Andrea Long Chu: It’s hard to write about things that are, in and of themselves, not only insubstantial but aspiring to insubstantiality. The Soloway article is one answer to that – ie write about something else and bring that to it. Because I have the time to do so much background reading, I’m often able to develop thoughts in reference to other, more interesting or sophisticated things.

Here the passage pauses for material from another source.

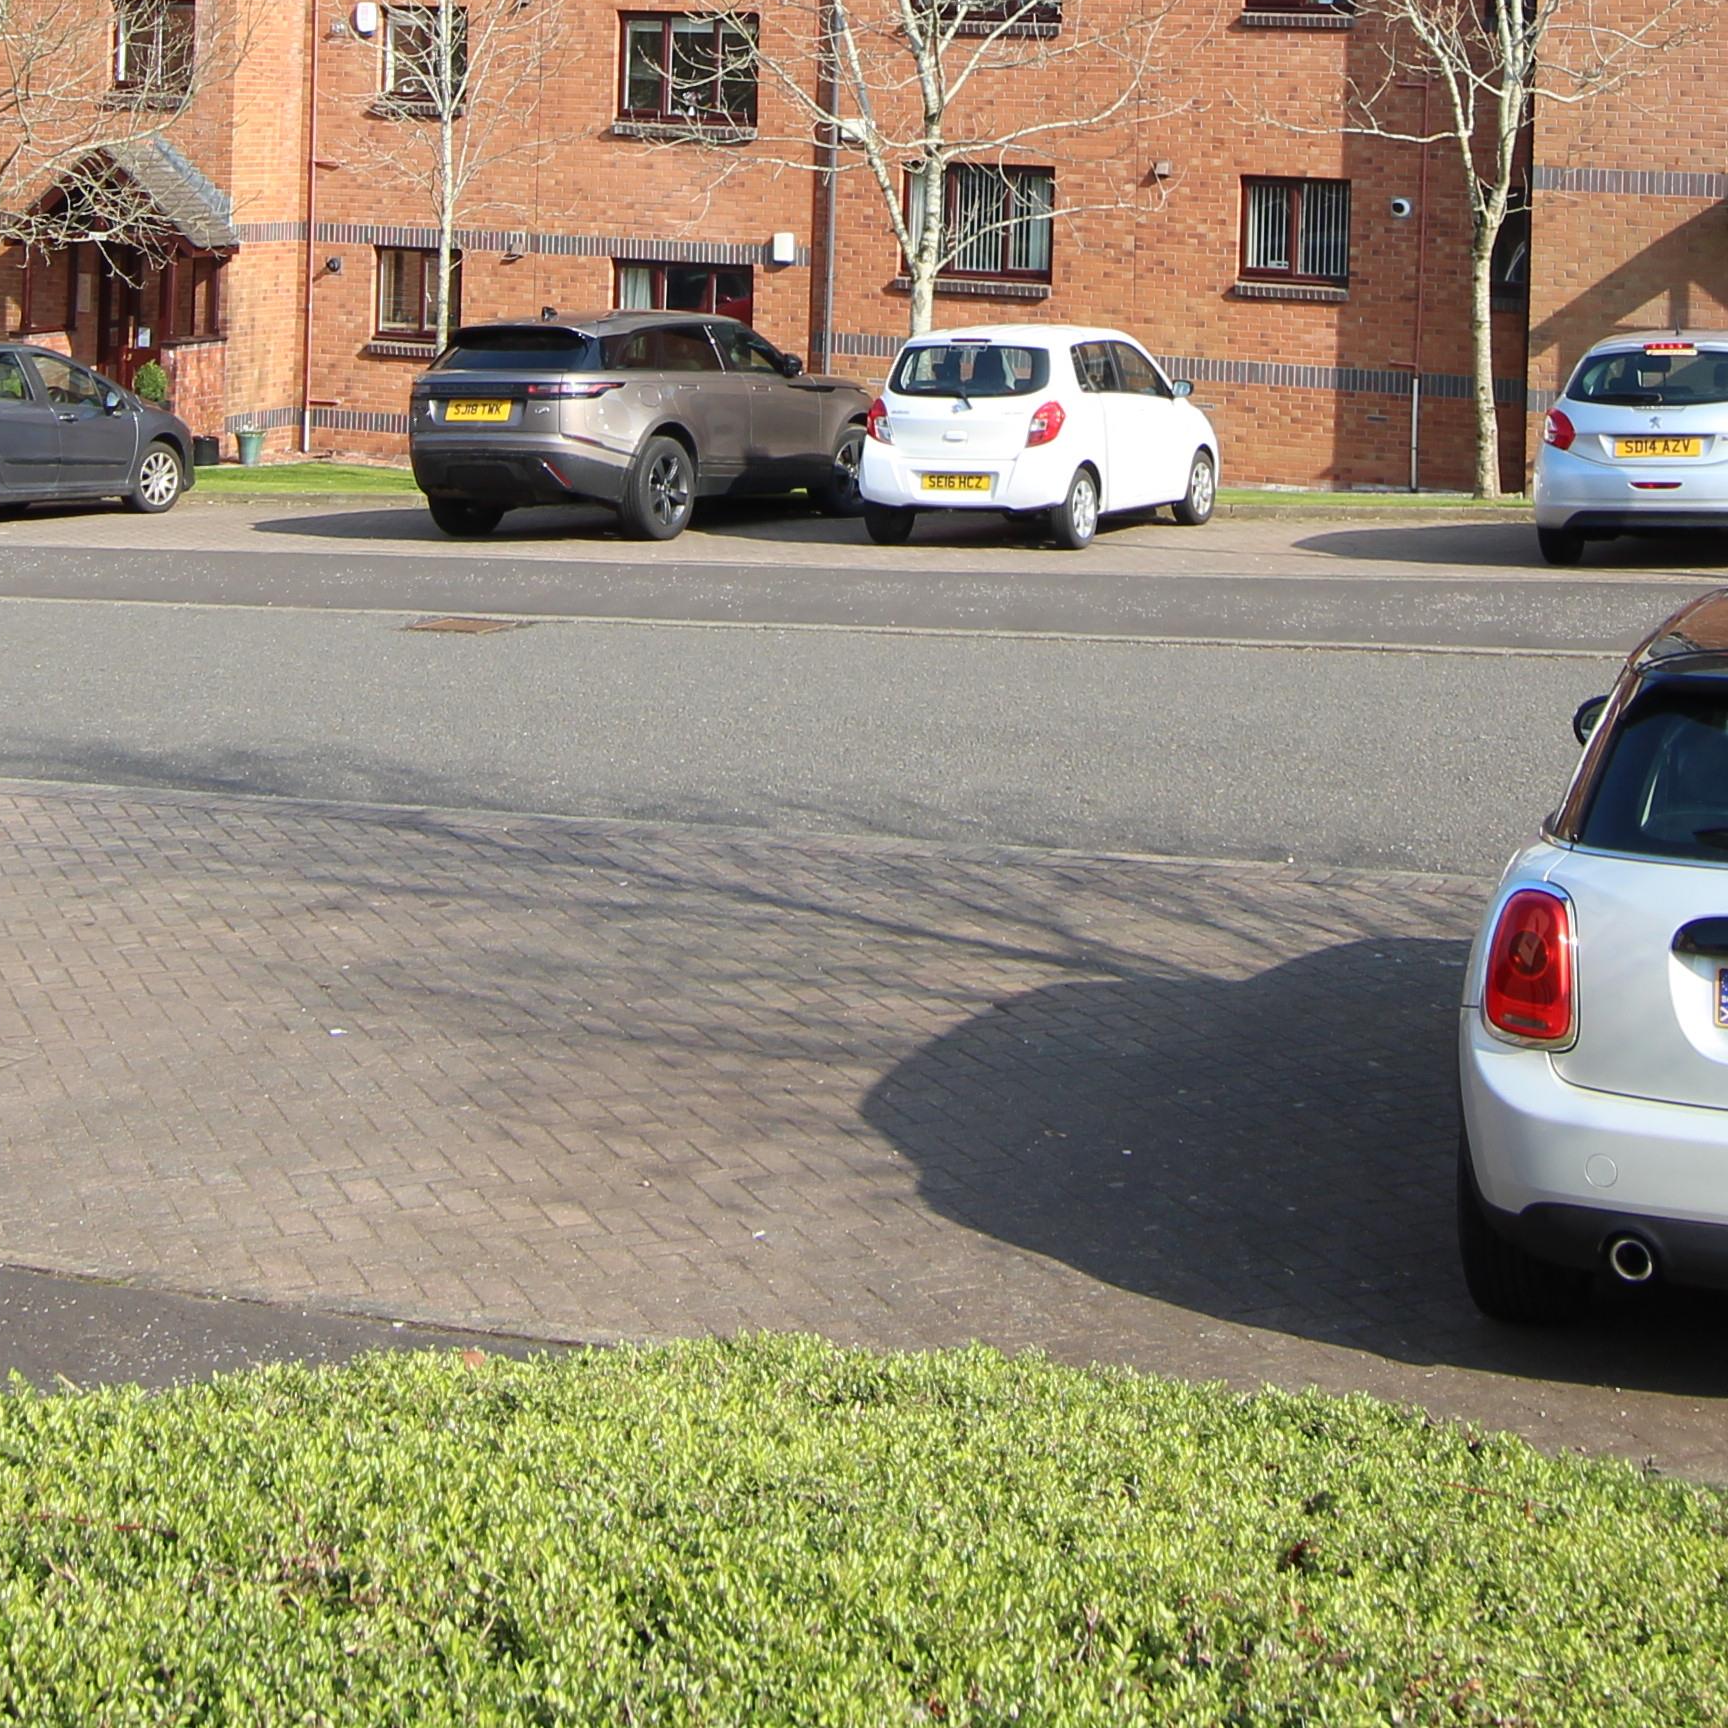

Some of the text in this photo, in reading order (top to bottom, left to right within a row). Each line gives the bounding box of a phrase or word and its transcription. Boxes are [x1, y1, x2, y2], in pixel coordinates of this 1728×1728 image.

Chatterton Williams has made the mistake of referring to Tocqueville, and so I’m going to read Democracy in America and find more interesting things that I can respond to, and use Tocqueville against him. There are all of these other sources that I can use to have a conversation with more intelligent or more interesting people than the specific person I’m writing about.
Where do you think good criticism is happening right now, aside from New York Magazine and n+1, which are both heavily featured in Authority?
Andrea Long Chu: I think there’s some great stuff at the New Yorker, I’m a fan of Lauren Michele Jackson and Julian Lucas. Namwali Serpell does very interesting things in the LRB. I have to name my friend Sarah Chihaya, who’s written for The Nation and The New Yorker. Bookforum continues to put out great stuff; it’s probably the highest quality criticism per cubic centimetre that there is. I do think there’s a lot of great work happening. As is probably obvious, I try to avoid being a pessimist about criticism, both because that’s intellectually uninteresting and because it’s not true to my own experience.
Authority: Essays on Being Right is available now.